Tuesday, January 17, 2012

A Heavy Heart

Warning: Vague post ahead. I am not ready to divulge the happenings that have led to the post, but I wanted to share a few thoughts.

Life sometimes sucks. Some surprises are good and others are terrible. I have spent my day in prayer, sadness, despair, and anxiety. I have more questions than I have answers right now, and I hate that. I am not good at that. I am a planner. I always know what I am going to do next and usually the next several steps after that. Today I have been put into a position where none of that is possible. And on top of that, I don't understand the "whys" in this situation.
I will tell you that everyone is healthy and fine.

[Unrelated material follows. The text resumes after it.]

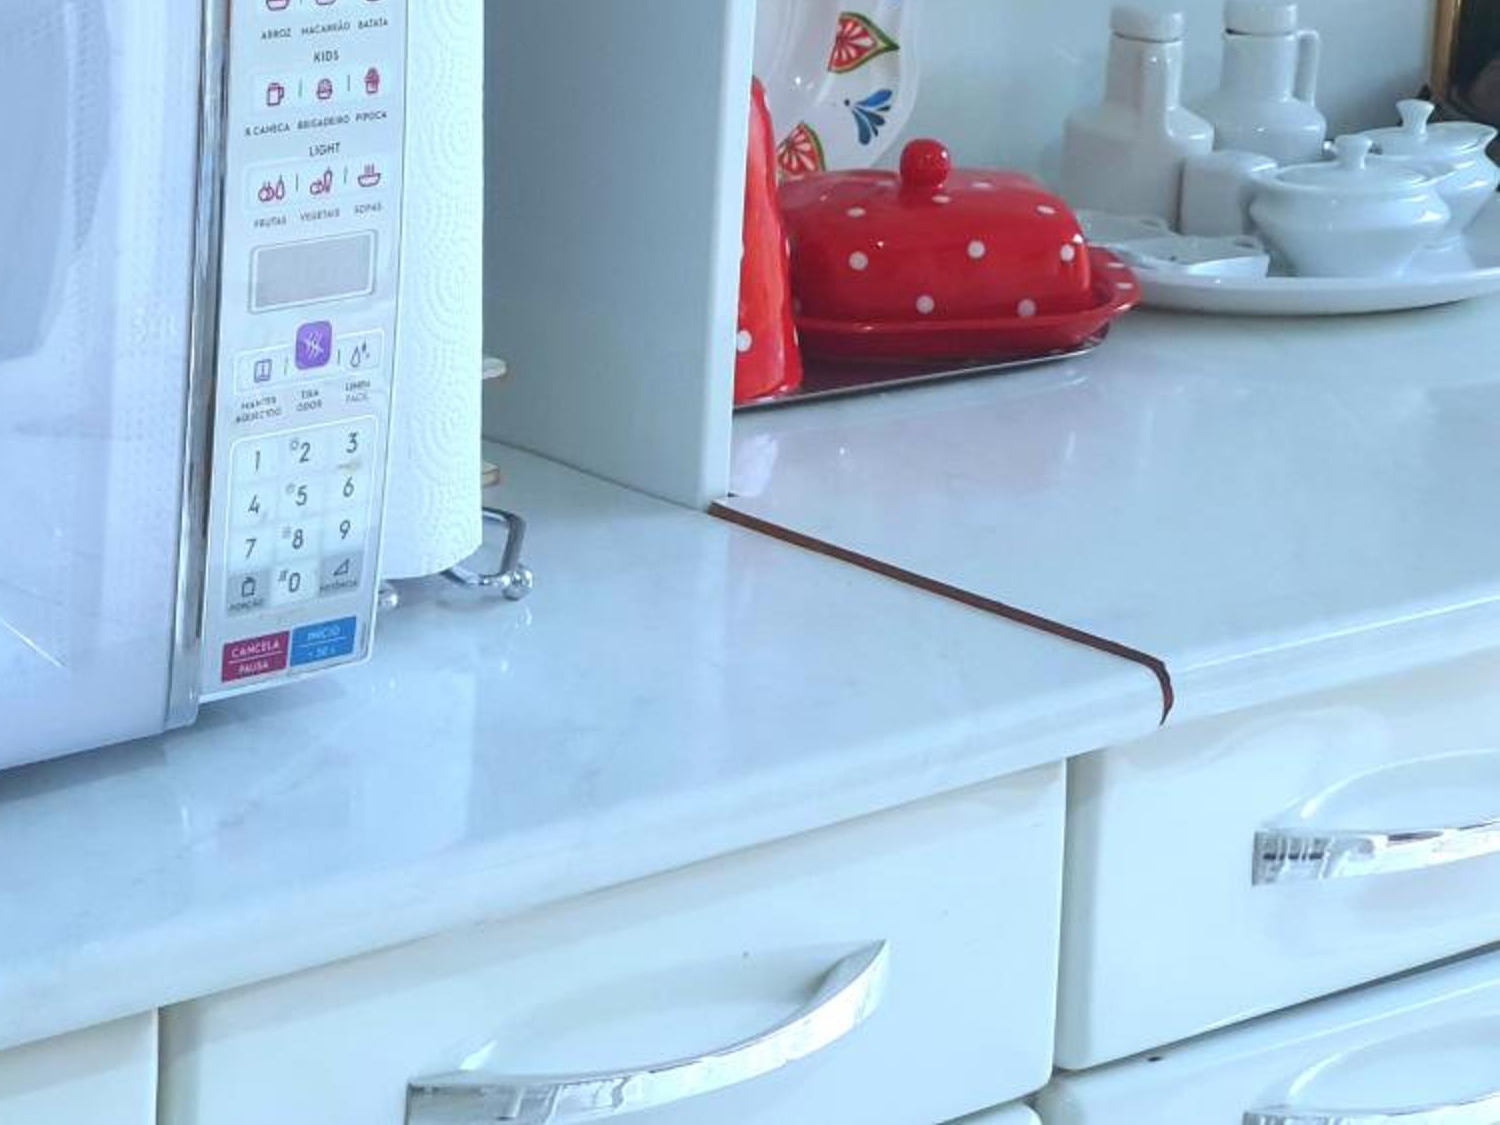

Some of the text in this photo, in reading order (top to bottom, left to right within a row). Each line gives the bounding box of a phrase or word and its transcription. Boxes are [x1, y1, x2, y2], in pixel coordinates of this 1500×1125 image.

I have tried to remember that today as I was reeling. My family is healthy. And my family is intact. In today's world I feel like I need to make that clear. My husband and I love each other very much and are in a beautiful place in our relationship.
Some prayers that might be lifted up on our behalf - for God to move quickly to find a resolution in this matter, for wisdom and guidance as we will face some uncertain times, and for daily reminders that God was not surprised by this and He is in control, and for us to have joy in this trial (I am getting ready to start a Bible study on James in a couple of weeks, so I am trying to get prepared). And thanks in advance for those prayers.

4 comments:

Jen said...

I thought you seemed awfully quiet at lunch. Prayers going up.

Kimberley said...

sorry to hear this, i'll be praying. the lord won't give us more than we can handle. stand close to the rock, he'll see you through it :)

Donna said...

praying for you!! if you ever need to talk I'm always here. love you all!

Holly said...

Thinking of you! Hope you get a quick and positive resolution to whatever is going on.